Prompt: Excluding pictures, give the entries again exactly as they appear.

[Available records]

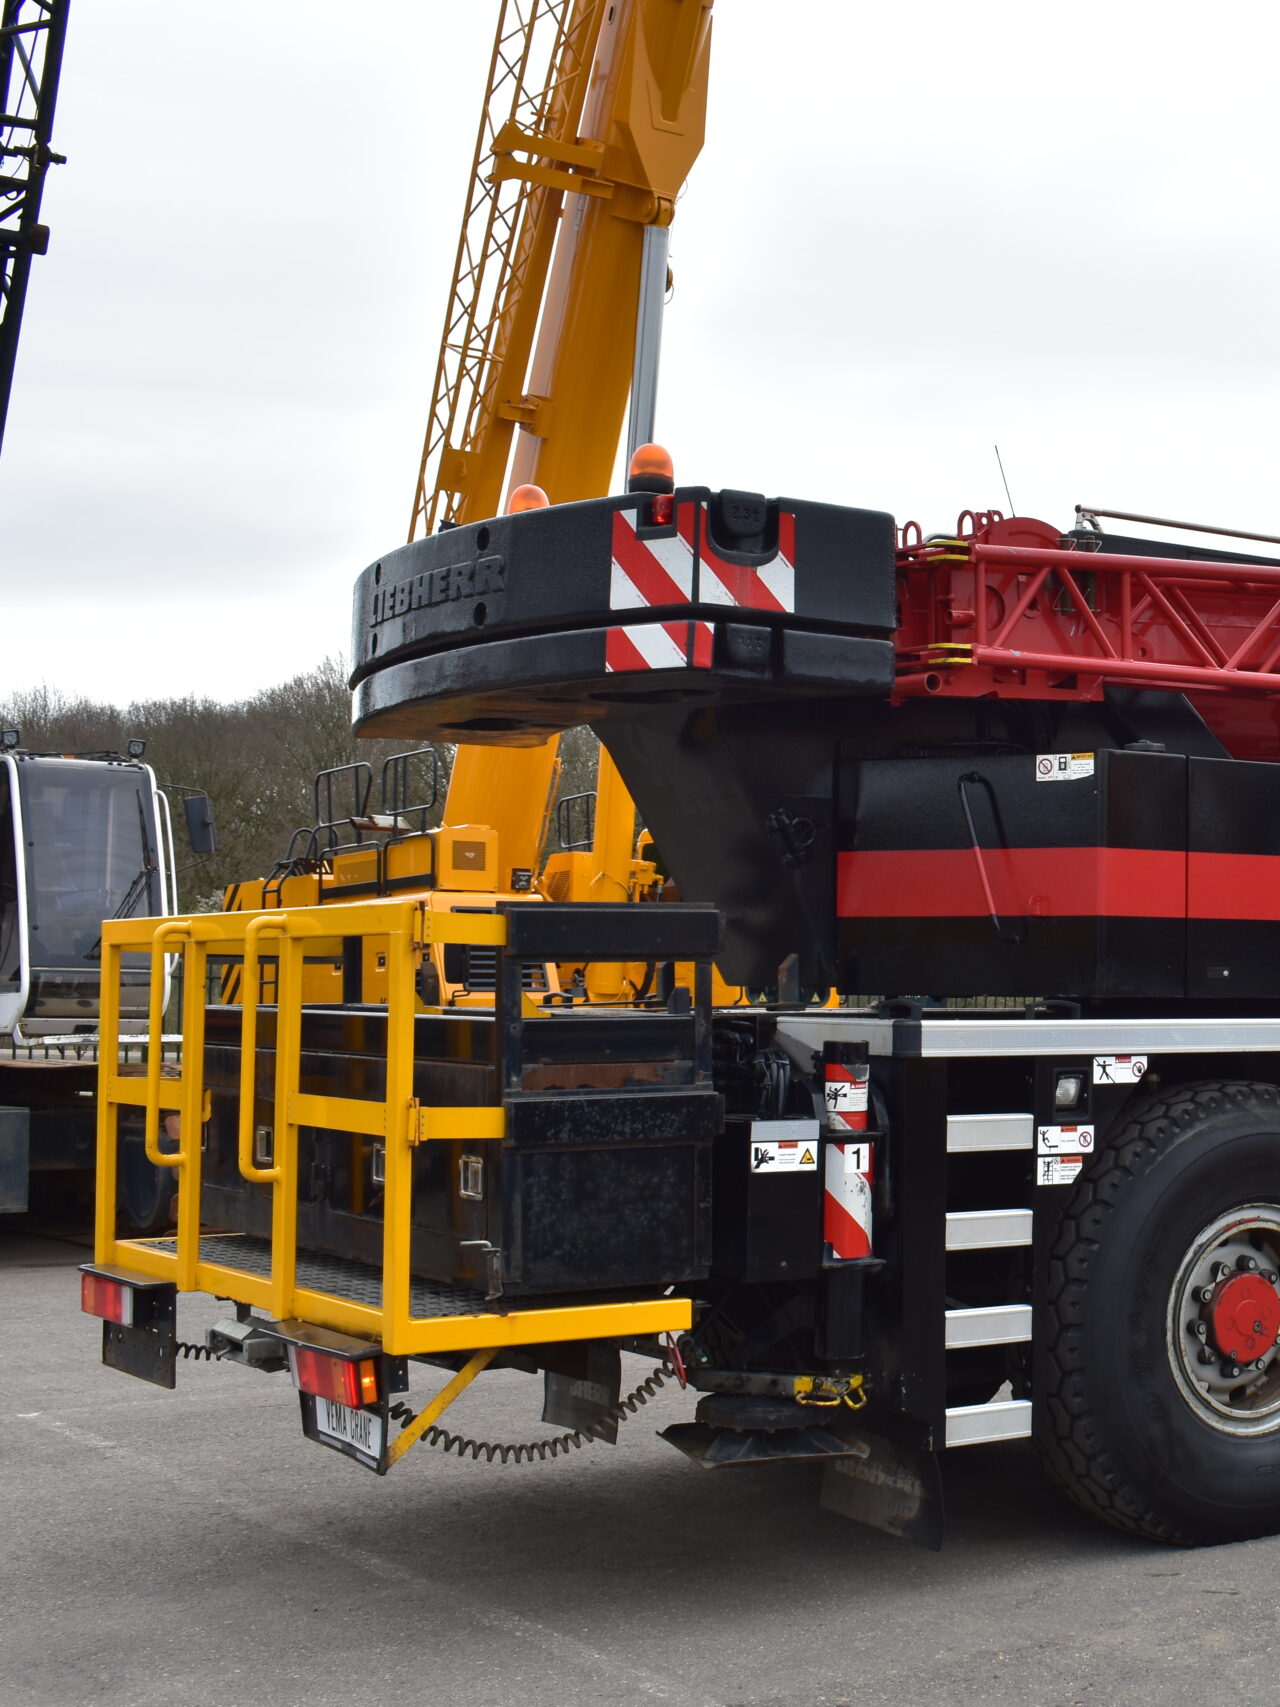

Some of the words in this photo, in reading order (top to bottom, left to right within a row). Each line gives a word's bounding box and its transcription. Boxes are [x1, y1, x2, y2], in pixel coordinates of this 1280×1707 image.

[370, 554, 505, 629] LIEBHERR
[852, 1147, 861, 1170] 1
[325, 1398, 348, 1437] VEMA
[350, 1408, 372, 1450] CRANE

[/Available records]

Exercise response:
Some of the words in this photo, in reading order (top to bottom, left to right within a row). Each line gives a word's bounding box and its transcription. Boxes are [x1, y1, x2, y2], in pixel coordinates of this 1280×1707 image.

[370, 554, 505, 629] LIEBHERR
[852, 1147, 861, 1170] 1
[325, 1398, 348, 1437] VEMA
[350, 1408, 372, 1450] CRANE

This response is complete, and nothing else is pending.